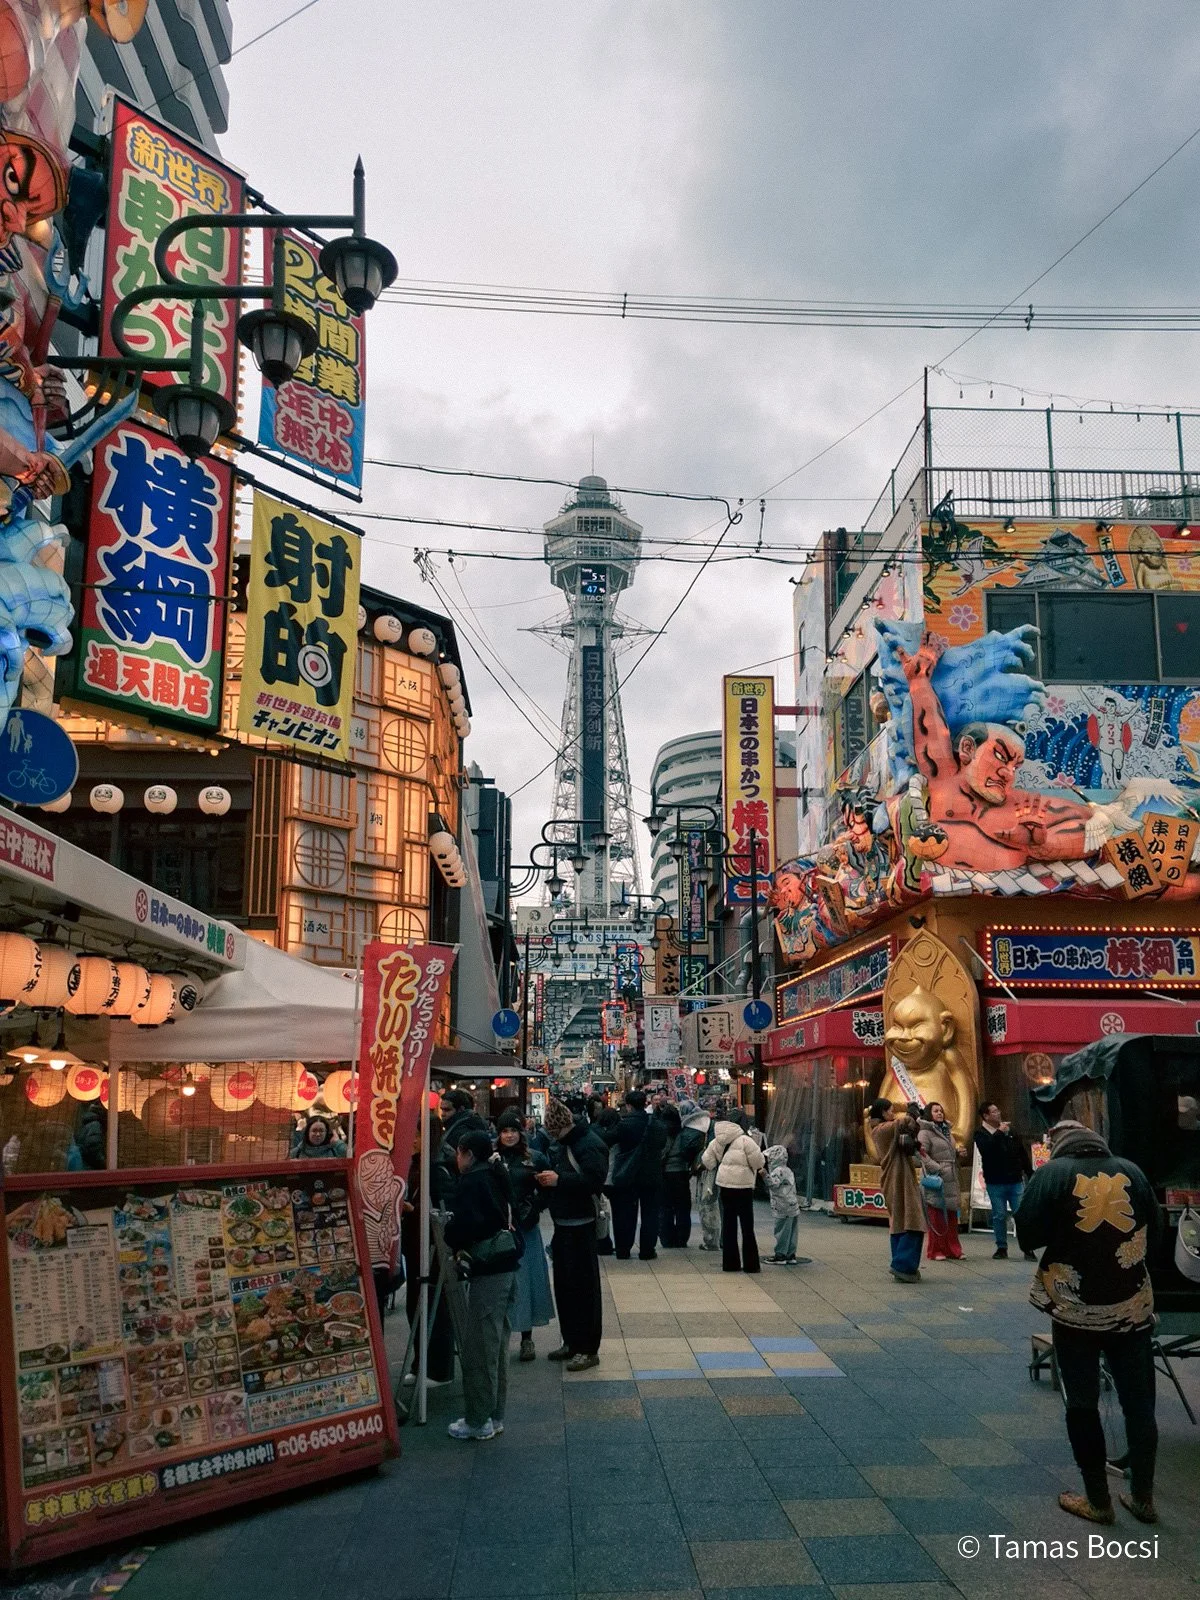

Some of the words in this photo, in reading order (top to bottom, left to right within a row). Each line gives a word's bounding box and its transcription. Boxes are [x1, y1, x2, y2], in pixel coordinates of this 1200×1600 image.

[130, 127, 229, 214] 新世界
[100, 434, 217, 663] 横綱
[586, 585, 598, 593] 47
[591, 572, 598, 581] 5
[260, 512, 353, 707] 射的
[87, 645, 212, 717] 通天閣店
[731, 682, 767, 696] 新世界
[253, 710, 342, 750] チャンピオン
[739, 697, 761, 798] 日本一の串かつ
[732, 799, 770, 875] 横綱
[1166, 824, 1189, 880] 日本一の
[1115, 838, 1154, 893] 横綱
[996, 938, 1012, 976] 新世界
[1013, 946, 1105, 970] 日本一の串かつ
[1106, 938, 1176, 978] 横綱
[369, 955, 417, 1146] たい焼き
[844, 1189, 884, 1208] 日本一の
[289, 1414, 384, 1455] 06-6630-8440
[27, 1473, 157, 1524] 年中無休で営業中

####################

» TASK PROMPT:
Would you return all of the data above word for word, omitting every picture?

» SOLUTION TO THE PROBLEM:
Some of the words in this photo, in reading order (top to bottom, left to right within a row). Each line gives a word's bounding box and its transcription. Boxes are [x1, y1, x2, y2], in pixel coordinates of this 1200×1600 image.

[130, 127, 229, 214] 新世界
[100, 434, 217, 663] 横綱
[586, 585, 598, 593] 47
[591, 572, 598, 581] 5
[260, 512, 353, 707] 射的
[87, 645, 212, 717] 通天閣店
[731, 682, 767, 696] 新世界
[253, 710, 342, 750] チャンピオン
[739, 697, 761, 798] 日本一の串かつ
[732, 799, 770, 875] 横綱
[1166, 824, 1189, 880] 日本一の
[1115, 838, 1154, 893] 横綱
[996, 938, 1012, 976] 新世界
[1013, 946, 1105, 970] 日本一の串かつ
[1106, 938, 1176, 978] 横綱
[369, 955, 417, 1146] たい焼き
[844, 1189, 884, 1208] 日本一の
[289, 1414, 384, 1455] 06-6630-8440
[27, 1473, 157, 1524] 年中無休で営業中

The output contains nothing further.